I'm not sure if I like this paper (it seems to be trying to do too much), but it did contain something new to me - Yablo's non-self-referential version of the Liar Paradox: for every natural number n, let S(n) be the statement that for all m>n S(m) is false. Also there is a funny non-self-referential formulation by Quine: “Yields falsehood when preceded by its quotation” yields falsehood when preceded by its quotation.

Comment author: Thomas 30 November 2010 08:30:55PM 2 points [-]

Interestingly, the Yablo's paradox vanishes when there is no infinity. If the last statement of the Yablo's sequence exists, it is true. And all at the preceding positions are false. Everything is well. Another reason, I am an infinity atheist.

Comment author: nshepperd 30 November 2010 09:07:17PM 2 points [-]

The "last statement"? This would require that there exists a highest natural number. That seems like it would be a weirder occurrence than the mostly harmless Yablo's paradox.

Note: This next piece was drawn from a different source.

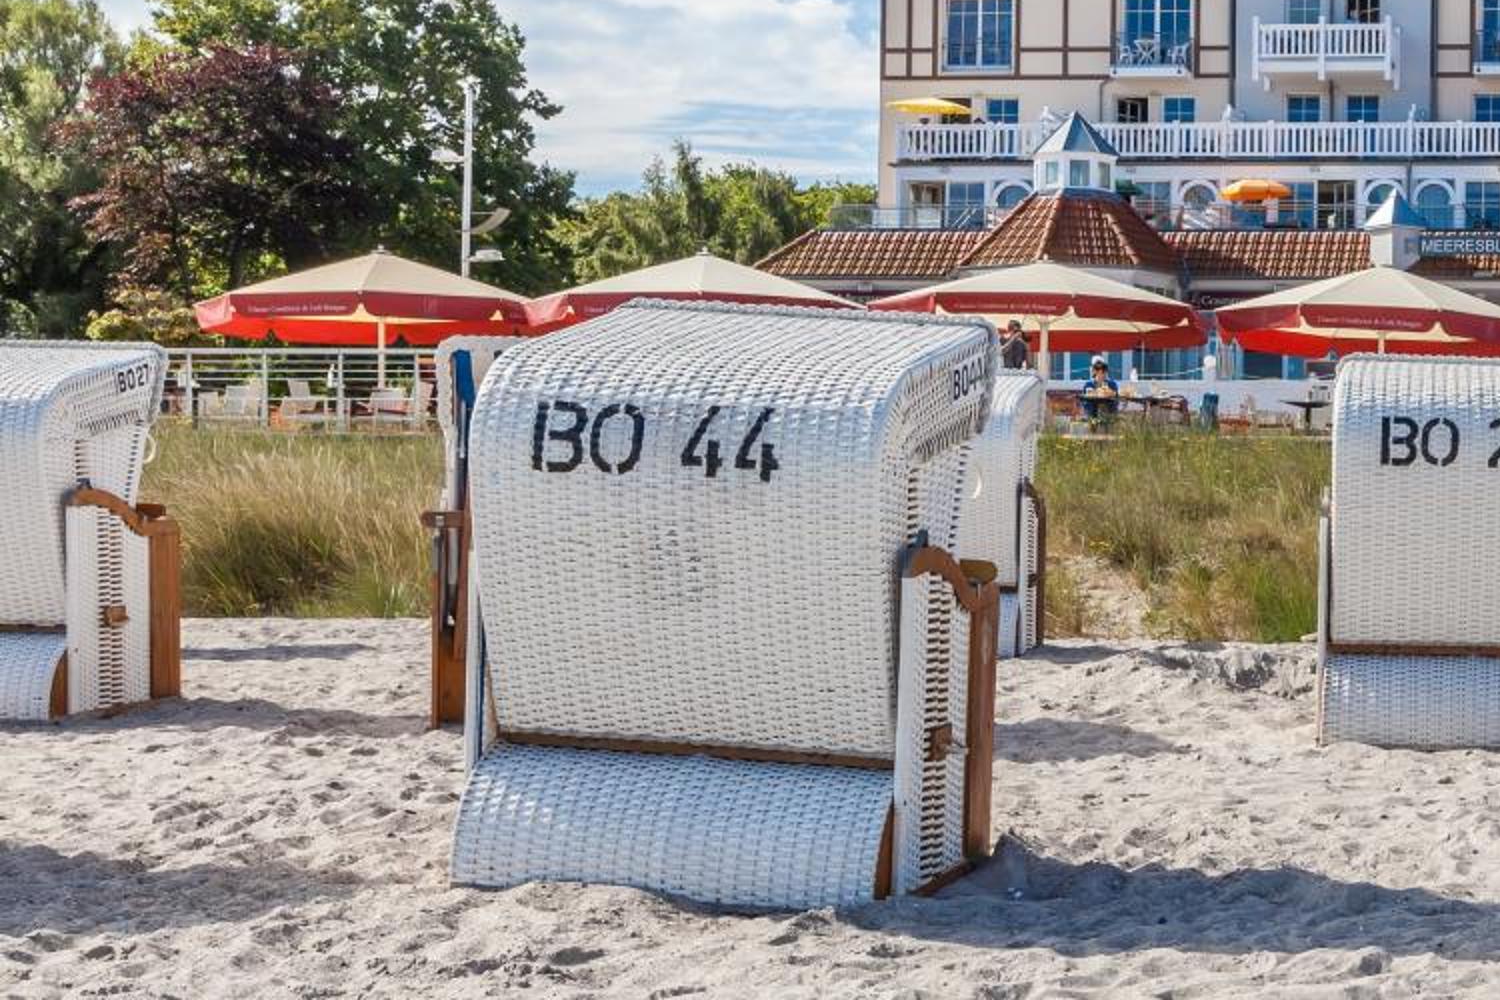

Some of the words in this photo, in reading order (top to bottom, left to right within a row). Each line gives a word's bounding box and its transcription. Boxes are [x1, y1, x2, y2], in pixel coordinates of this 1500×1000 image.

[532, 400, 645, 474] BO
[681, 405, 779, 482] 44
[1380, 416, 1460, 467] BO
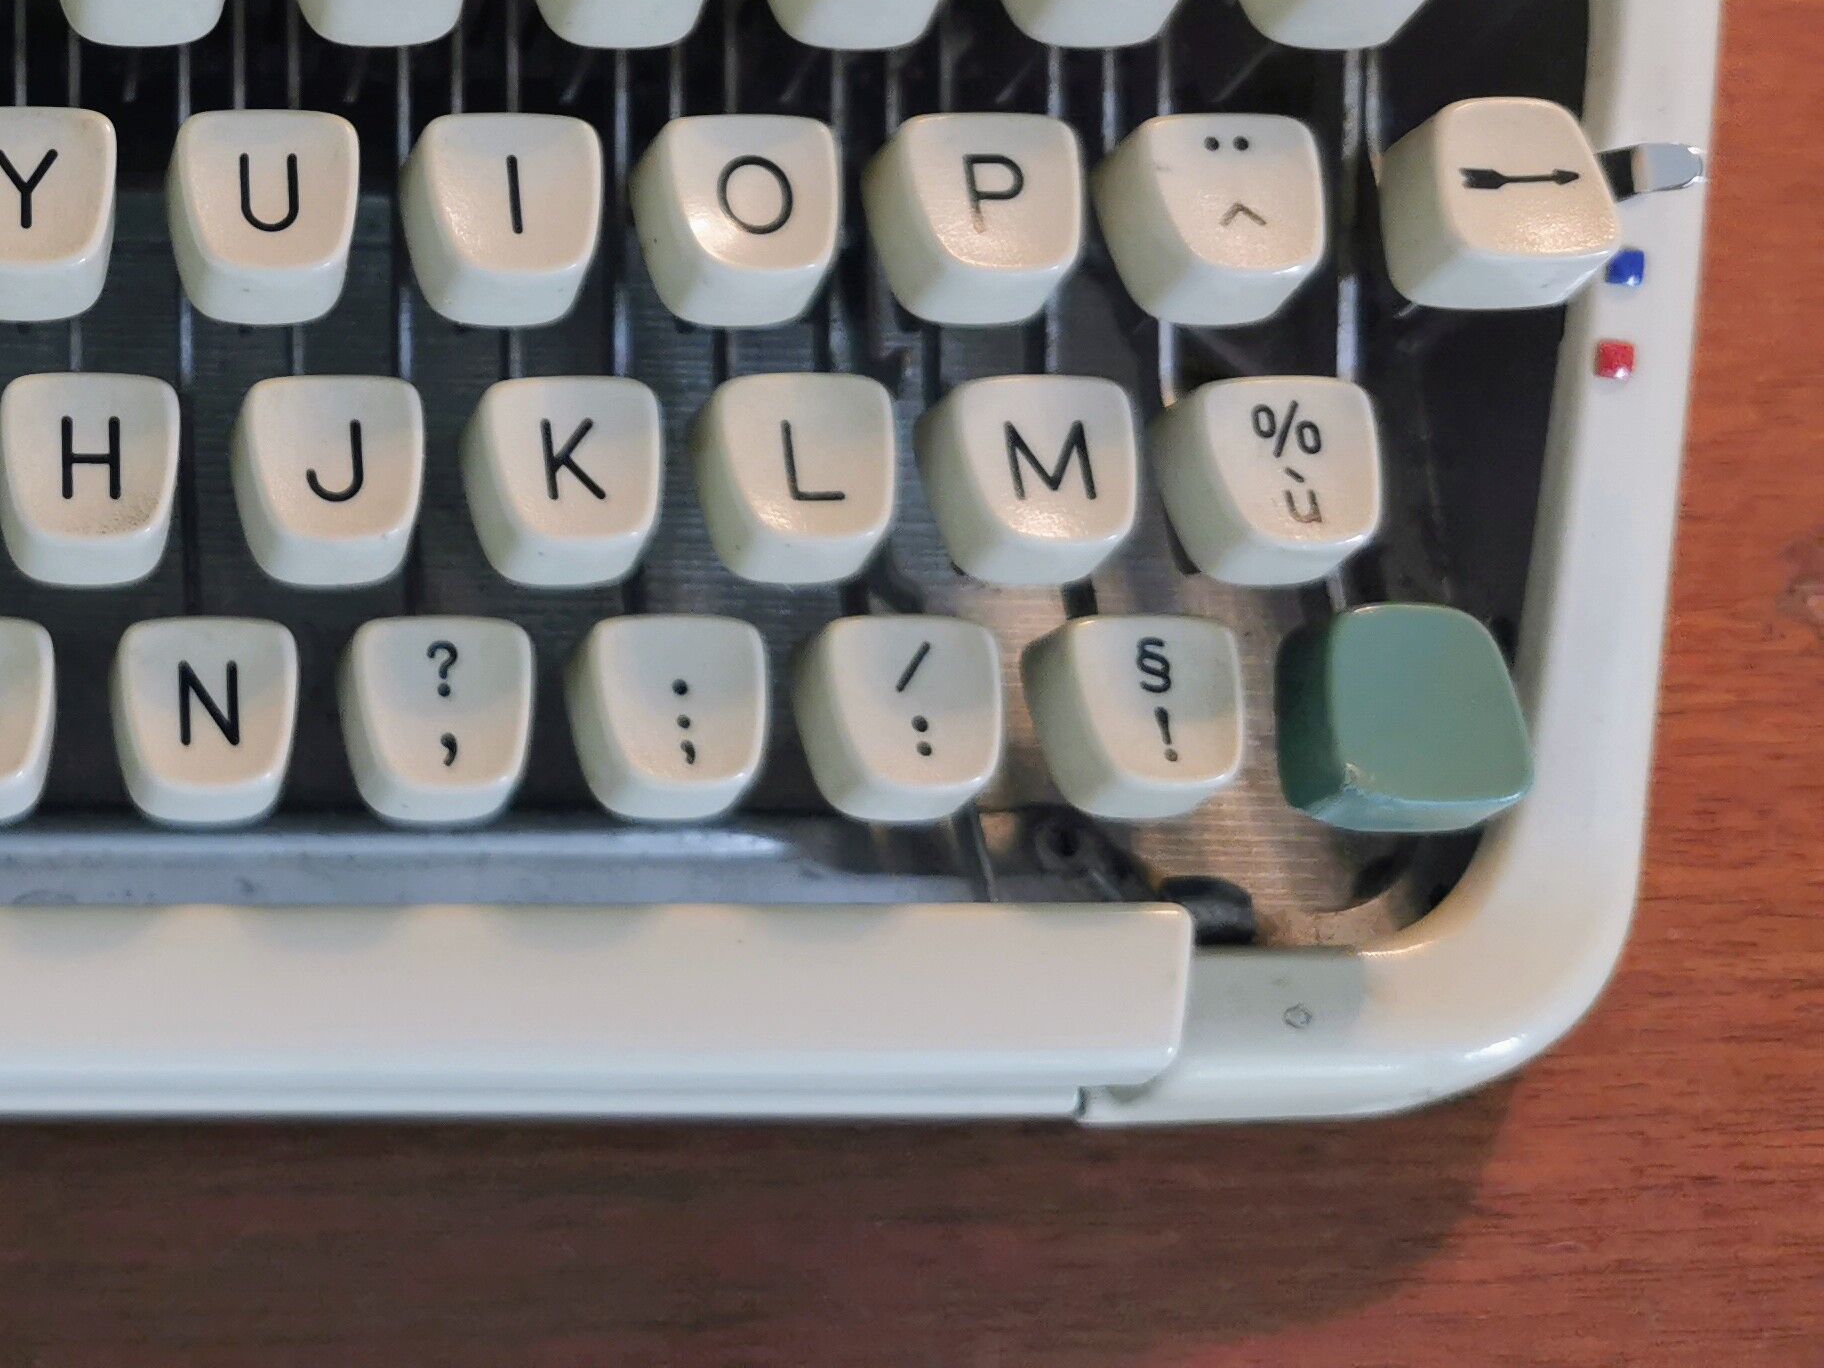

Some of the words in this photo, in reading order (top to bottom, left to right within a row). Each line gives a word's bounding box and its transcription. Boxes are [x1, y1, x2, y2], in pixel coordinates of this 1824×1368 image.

Although I suppose we can always choose to work in "the natural numbers mod N", for some value of N, which is one way to banish "infinity".

Comment author: Thomas 30 November 2010 10:07:14PM -1 points [-]

There is no need for ridiculously large numbers. There is always the last statement in a row and this way and only this way, no Yablo paradox arises.

Comment author: nshepperd 02 December 2010 12:45:11AM -1 points [-]

I'm not sure what you mean by this. "There is no need"? So is there a highest natural number, or not? Because if not:

  • If S(N) is the last statement, N is a natural number.
  • Therefore N + 1 is a natural number and N + 1 > N.
  • Therefore the statement S(N + 1) exists.
  • Therefore S(N) is not the last statement. Contradiction.
Comment author: wedrifid 02 December 2010 12:58:15AM *  0 points [-]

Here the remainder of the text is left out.